Dargen D’Amico, ‘siamo tutti nomadi in cerca di una casa’

A scanso dell’aria goliardica, del look stravagante, delle battute non sense, dei ritmi danzerecci, e degli occhiali scuri che non abbandona mai, Dargen D’Amico è la quota “impegno sociale” al festival di Sanremo.

Un filo neanche troppo invisibile lega la sua partecipazione del 2022 con Dove si balla a quella di quest’anno con Onda Alta.

Lì cantava “incubi mediterranei, che brutta fine fermi al confine”, stavolta “siamo più dei salvagenti sulla barca. Sta arrivando sta arrivando l’onda alta, Non ci resta che pregare finché passa”. I migranti, ieri come oggi.

“Il nomadismo è un tema che mi appartiene – racconta l’artista 43enne alla vigilia della manifestazione canora -. Quello familiare, per me che ho genitori originari della Sicilia, e quello che coinvolge gli altri. Perché tutti facciamo fatica a capire quale sia casa nostra. Nel 2023 gli arrivi dei migranti hanno superato 150mila unità. L’emigrazione è parte imprescindibile dell’esistenza. Nessuno geneticamente è nato qui”. Un tema che si sviluppa nell’intera settimana di Sanremo, con l’Edicola Dargen che ogni giorno alle 10 distribuirà un fumetto a puntate realizzato da Daniel Cuello e alle 18.30 ospiterà incontri con esperti del settore come Cecilia Strada (ResQ Onlus) o Alessandro Porro (soccorritore SOS Mediterranee), ma che ha un suo sviluppo anche all’interno dell’album Ciao America (Island Records), che esce il 2 febbraio sulle piattaforme a due anni di distanza a Nei sogni nessuno è monogamo e si compone di 13 tracce con le collaborazioni di Guè, Rkomi, Beatrice Quinta e Vincenzo Fasano, attingendo alla tradizione cantautorale italiana con una continua ricerca che passa attraverso i generi, dall’elettronica, al pop, alla musica classica.

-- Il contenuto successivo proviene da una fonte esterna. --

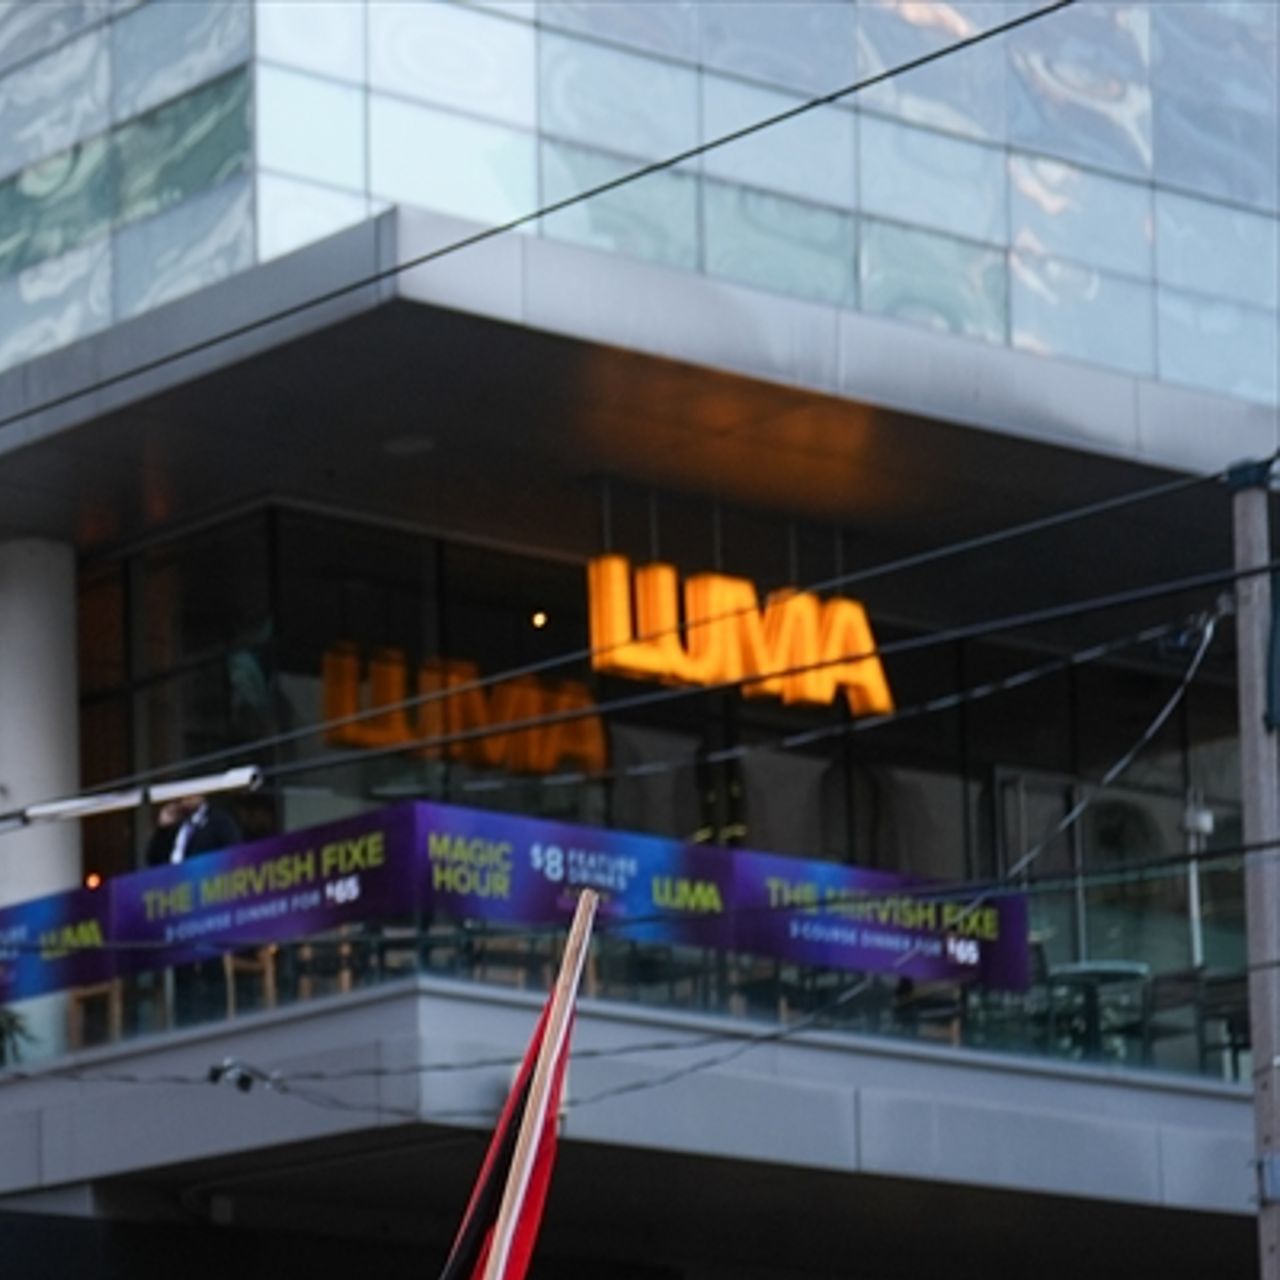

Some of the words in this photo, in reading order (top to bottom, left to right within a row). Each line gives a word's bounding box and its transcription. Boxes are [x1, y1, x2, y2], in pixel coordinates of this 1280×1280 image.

Un disco stratificato, che mette in luce le inquietudini che appartengono alla società contemporanea.

“Ciao America è un titolo cumulativo – spiega Dargen D’Amico -, quando stavo lavorando ai brani ho notato che c’era una tendenza nello scrivere a riferimenti ai legami familiari. Ai miei, quando da ragazzino, con una certa leggerezza giovanile, chiamavo momento Ciao America, l’occasione in cui si leggevano le lettere dei parenti emigrati. Ma è anche una sintesi di quello che faccio io: musica italiana che si approfitta di alcuni stilemi musicali degli Usa, senza che lo stilema prevalga. E, infine, mi sembrava riassuntivo di questo momento che il mondo sta vivendo, con il passaggio dello scettro (economico) dall’Occidente all’Oriente, e quindi Ciao America.

Una fotografia di un tramonto che fissa anche il nostro Paese, ormai in balia dell’immobilismo da almeno 30-40 anni”.

Dargen si divide tra scrittura e produzione, “ma mi diverto a produrre e non a scrivere. Eppure la produzione non mi chiarisce nulla, mentre la scrittura mi mette di fronte a risposte che non sempre cercavi, ti dà la possibilità di meditare. Scrivere è una sorta di igiene personale per buttare fuori cose. Anche da adolescente ti permette di risolvere senza sapere cosa”.

Il tema del nomadismo, della migrazione, è alla base anche della scelta per la serata delle cover a Sanremo: insieme alla BabelNova Orchestra omaggerà la musica di Ennio Morricone (The Crisis), con i testi dei suoi brani Modigliani (storia di un italiano che emigra all’estero, e anche primo pezzo – scartato – che ha presentato a Sanremo, “sono sempre stato curioso di capire come funzionava la macchina”) e Dove si balla. “È il tentativo di dare un altro punto di vista per raccontare con più profondità lo stesso tema”. Perché Dargen non crede nei limiti, tantomeno in quelli fissati dal mercato musicale. “Se posso andare io a Sanremo, vuol dire che non esistono limiti. Anche se in fondo io sono quasi finito per caso a fare questo mestiere.

Ero convinto che avrei scritto per il cinema italiano, ma il cinema non era così convinto”.